He pleads, it is true, and pleads with reason, in behalf of those wonders which engross his earlier chapters, that—

If we desire to be fully informed of a nation's history, we must not reject the fables under which the few traces that remain of its origin are concealed. These, however extravagant, always merit attention. They bave an influence on the character of the people to whom they relate. They mix with their habits, their literature, and sometimes with their religion. They become, in short, national legends, which it is sacrilege to doubt; and to question the deeds of a Roostum, would raise in the breast of a Persian all those feelings which would be excited in that of an Englishman, if he heard a foreigner detract from the great name of Alfred. Such heroes often rise in importance (as far as their example is of value) in proportion as their real history is lost in obscurity; they are adopted as models by the painters and the poets of their country; every human virtue is ascribed to them; and men are taught their duty from fables decorated with names which they have learnt (learned) to venerate from their cradle, and the love of which is cherished with all the enthusiasm of national pride.' - vol. i. p. 7.

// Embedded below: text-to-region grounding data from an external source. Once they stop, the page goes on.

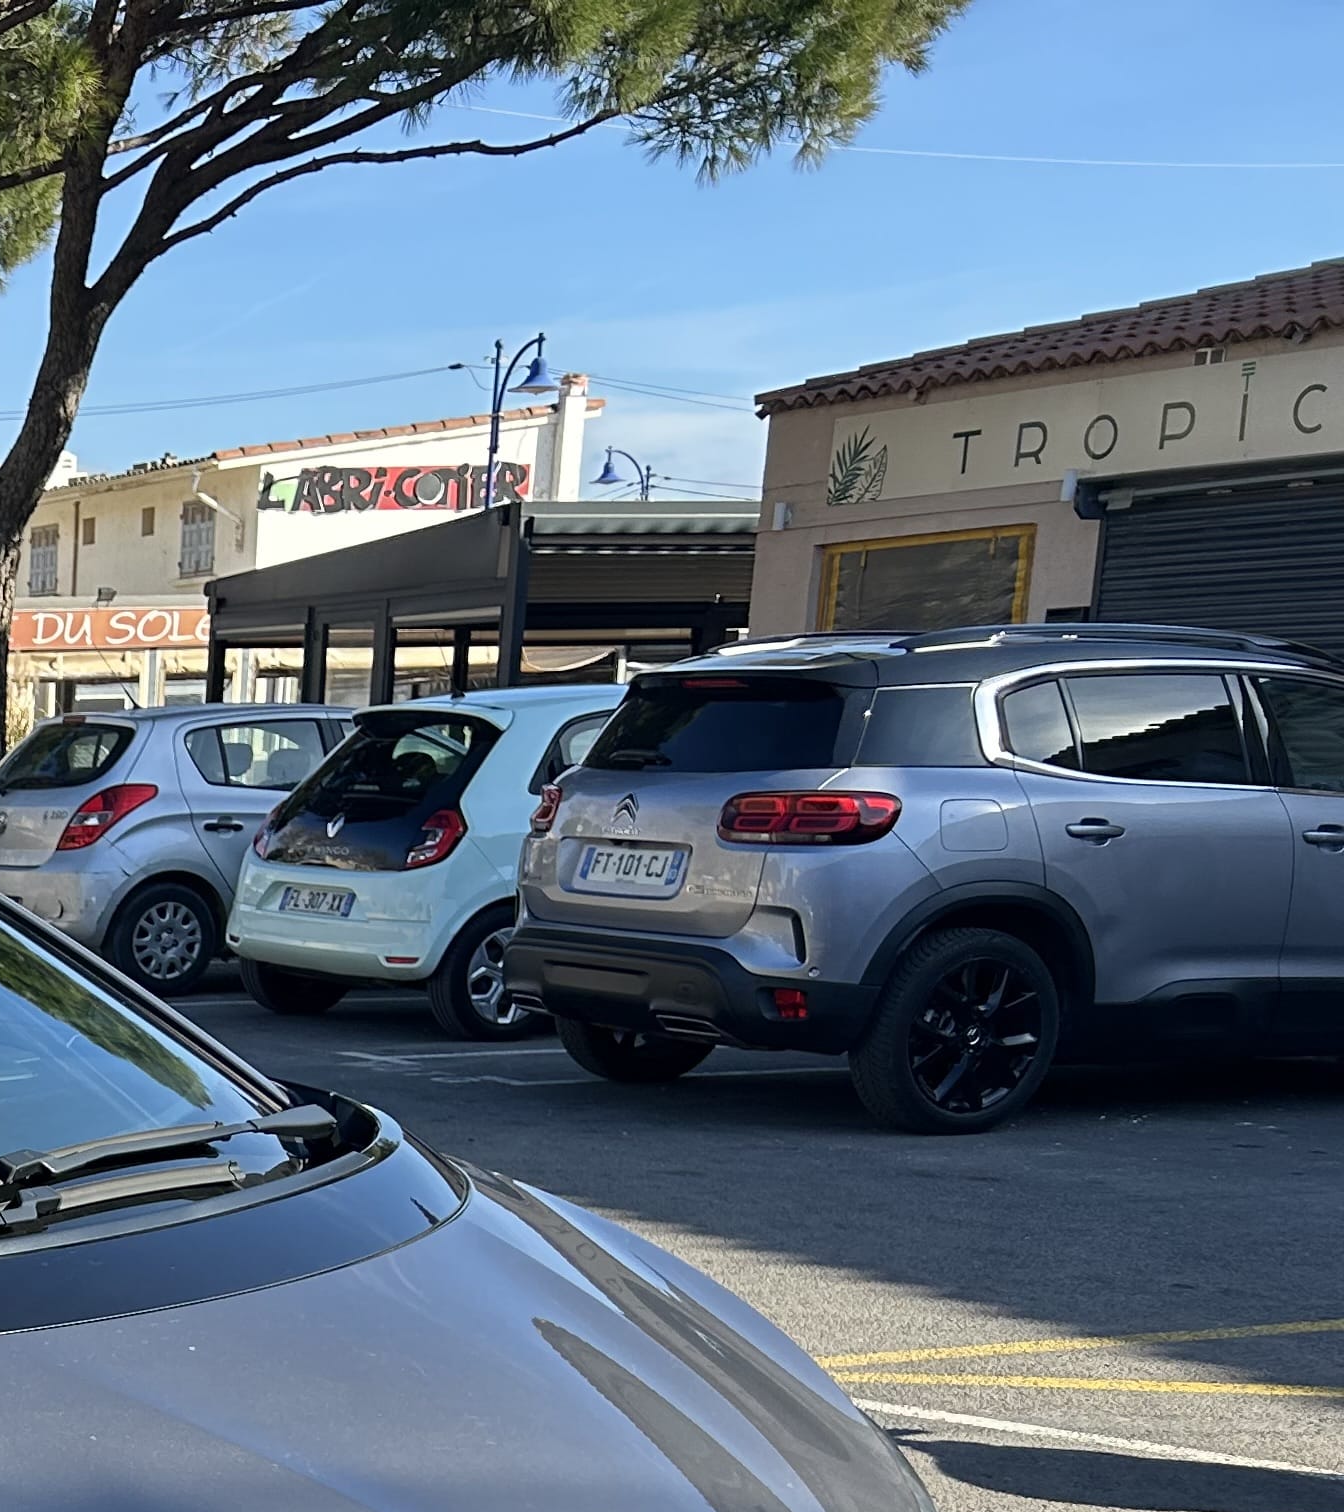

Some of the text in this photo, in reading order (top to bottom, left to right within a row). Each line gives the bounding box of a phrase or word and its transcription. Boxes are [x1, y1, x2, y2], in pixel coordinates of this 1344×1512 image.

[31, 612, 93, 645] DU
[105, 610, 211, 645] SOLE
[591, 852, 670, 878] FT-101-CJ
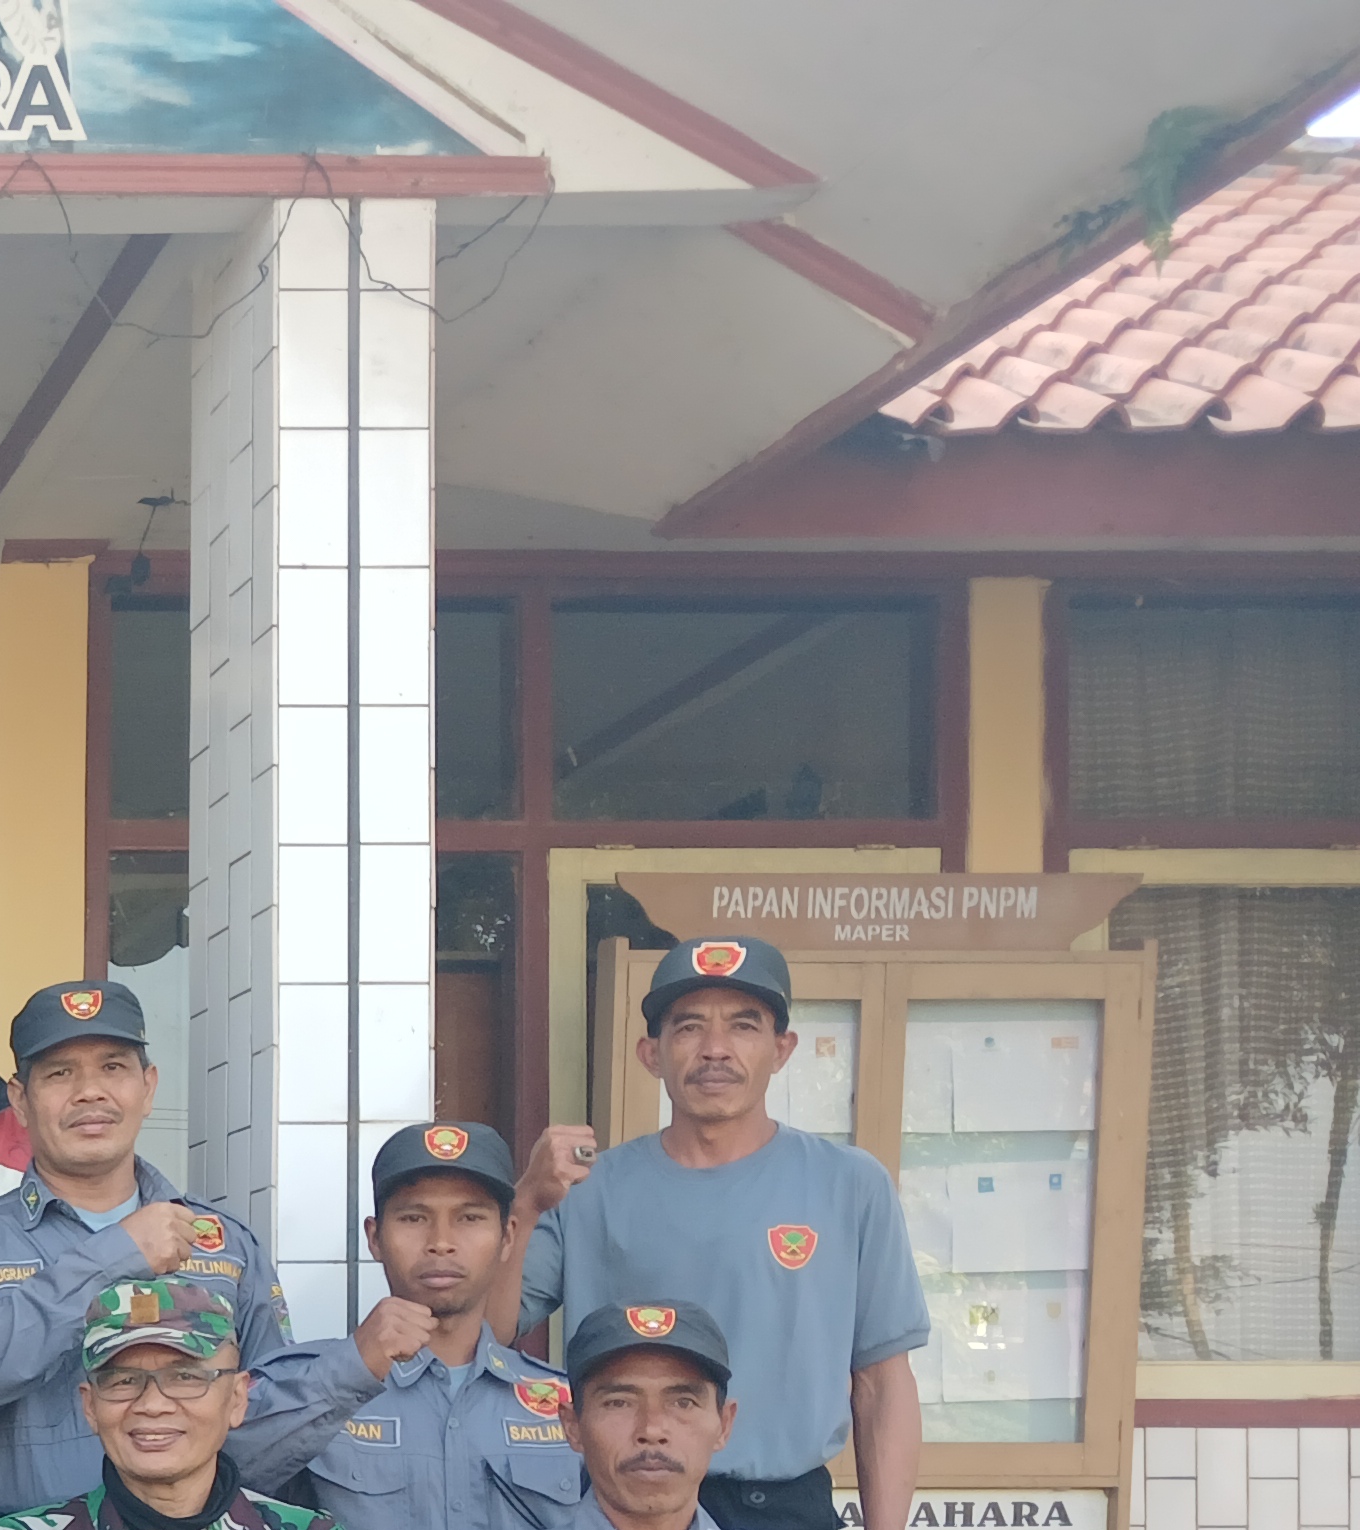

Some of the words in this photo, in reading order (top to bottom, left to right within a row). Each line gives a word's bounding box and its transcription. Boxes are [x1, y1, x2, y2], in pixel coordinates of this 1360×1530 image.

[712, 886, 800, 919] PAPAN
[807, 886, 954, 920] INFORMASI
[962, 886, 1038, 919] PNPM
[834, 924, 910, 942] MAPER
[909, 1500, 1073, 1528] AHARA
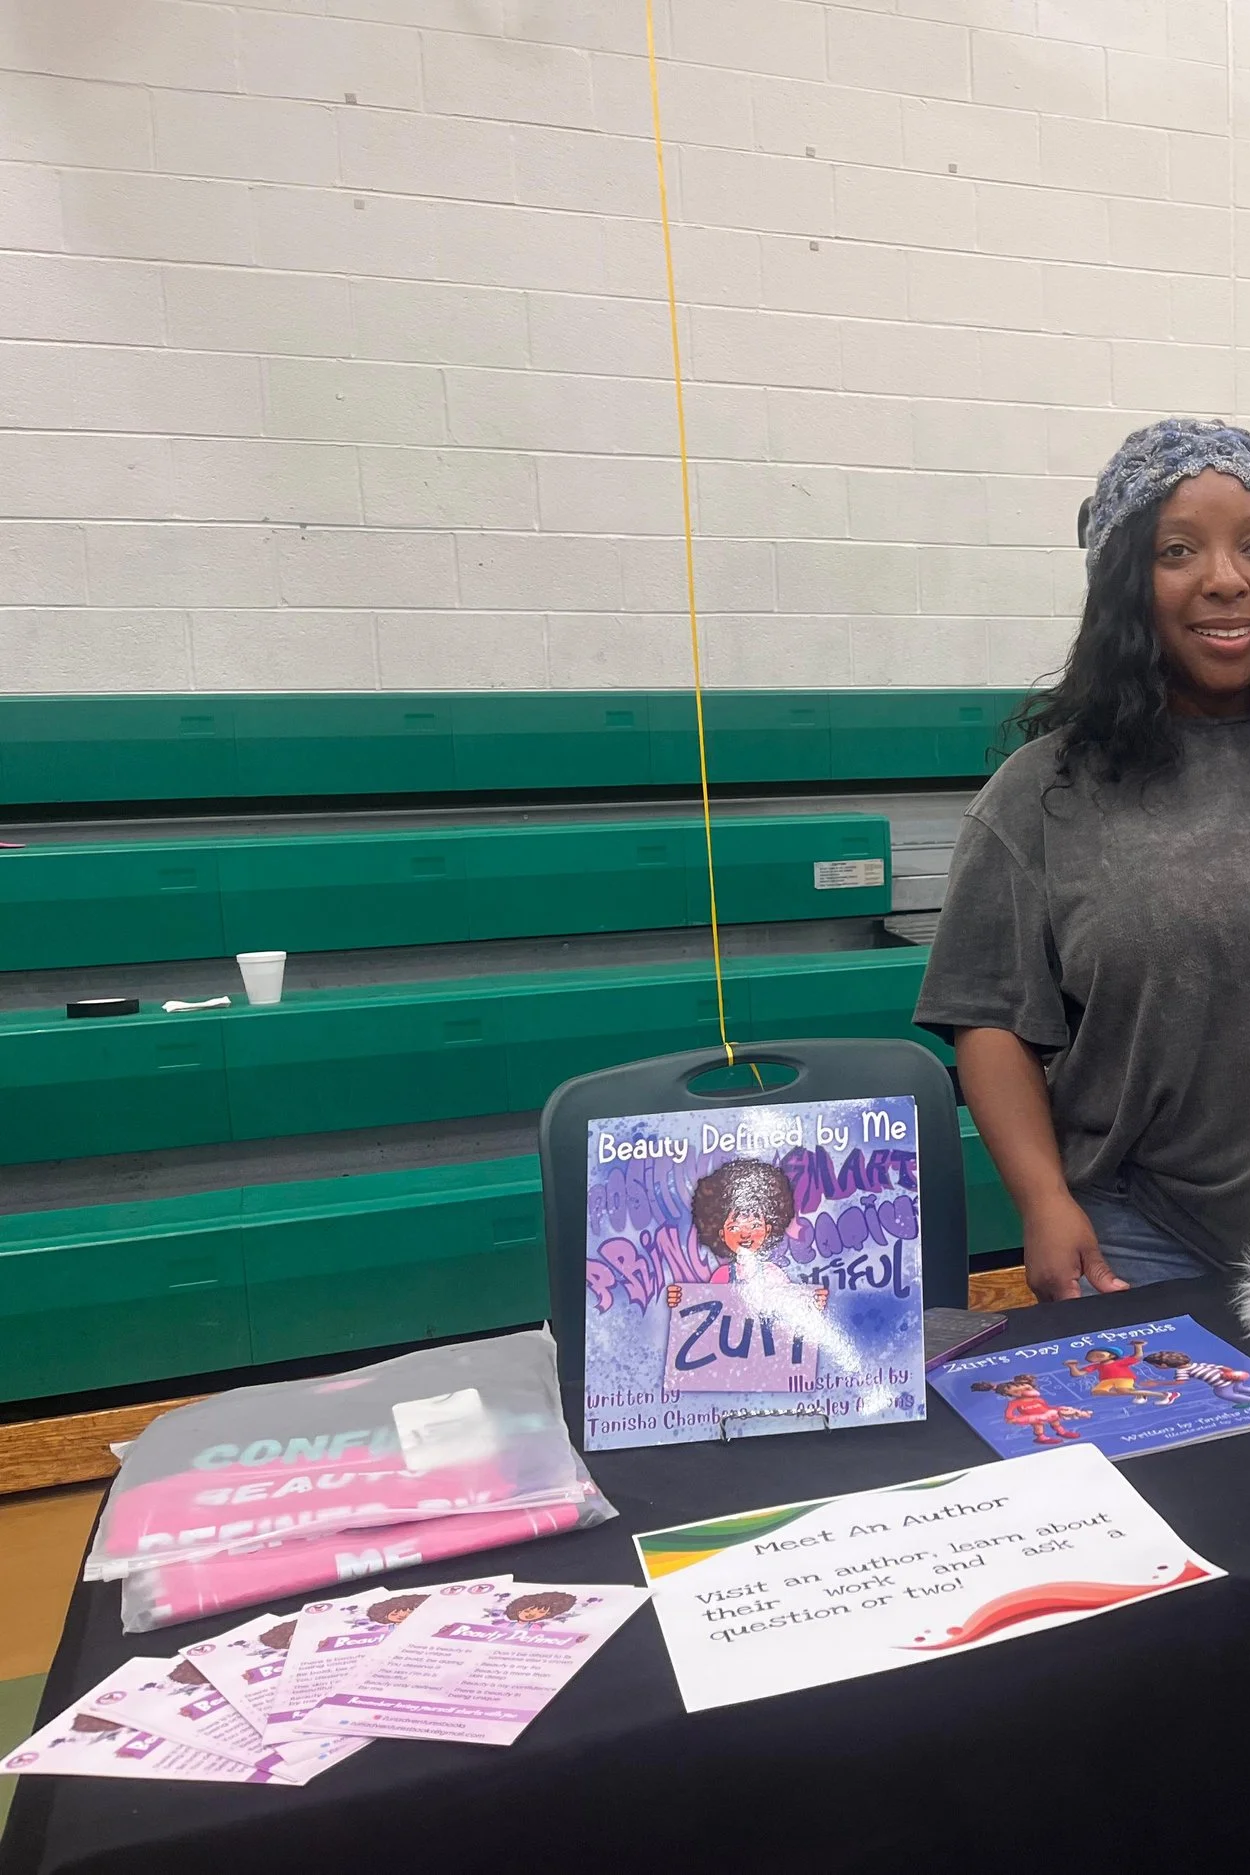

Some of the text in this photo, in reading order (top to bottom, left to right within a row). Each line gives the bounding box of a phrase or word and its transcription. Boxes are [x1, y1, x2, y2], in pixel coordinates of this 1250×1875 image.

[598, 1110, 907, 1165] Beauty Defined by Me
[1015, 1344, 1060, 1359] Day
[1070, 1336, 1094, 1350] of
[1097, 1323, 1176, 1343] Pranks
[660, 1385, 681, 1405] by
[587, 1413, 656, 1438] Tanisha
[753, 1495, 1011, 1557] Meet An Author
[783, 1571, 822, 1589] an
[946, 1531, 1025, 1554] learn
[1034, 1511, 1114, 1538] about
[700, 1527, 1127, 1624] their work and ask a
[860, 1592, 896, 1610] or
[902, 1576, 965, 1600] two!
[450, 1624, 573, 1646] Beauty Defined

But though it be undoubtedly important to our knowledge of national character to be possessed, in some degree, of those facts to which the attention of youth is chiefly directed, and which leave no doubtful tinge on the temper and habits of maturer age-yet is the value, we apprehend, of these fabulous and heroic legends of a relative rather than a positive description. They serve to illustrate that state of society which can receive them as truths, and act on them as precedents, more than that which they themselves profess to depict to us; and they will continue to possess this value, though the little historic truth which they contain should be buried so deep, or so lamentably mutilated, as to elude discovery, or not to be worth digging for. In general, we cannot help thinking that such legends may be more advantageously placed in a dissertation preliminary to the history of those countries to which they belong, than incorporated with the work itself, and placed on a footing with those events which are probable in themselves and detailed on sufficient authority: for we are not to suffer our prejudice against eastern writers to carry us away so far as to conclude that

no history, deserving of the name, is really to be found among them. From the period which we have already noticed, and still more from that of the Mohammedan conquest, the annals of Persia are related by a succession of authors who are, in all essential respects, qualified to rank with the best models of ancient or modern Europe; and this very clearness of their more recent annals is in itself a considerable presumption against the authenticity of the marvellous and contradictory narratives which, in order of time, precede them. But the following short account of the style in which the ancient Persian history is written, and the authority on which it reposes, may enable our readers to decide for themselves, how far their writers are to be relied on, either in supplanting (as Richardson desired they should do) the authority of western historians when treating of the East-or in elucidating and confirming (as Sir John Malcolm has, by their means, endeavoured) the testimony of Herodotus and the Scriptures.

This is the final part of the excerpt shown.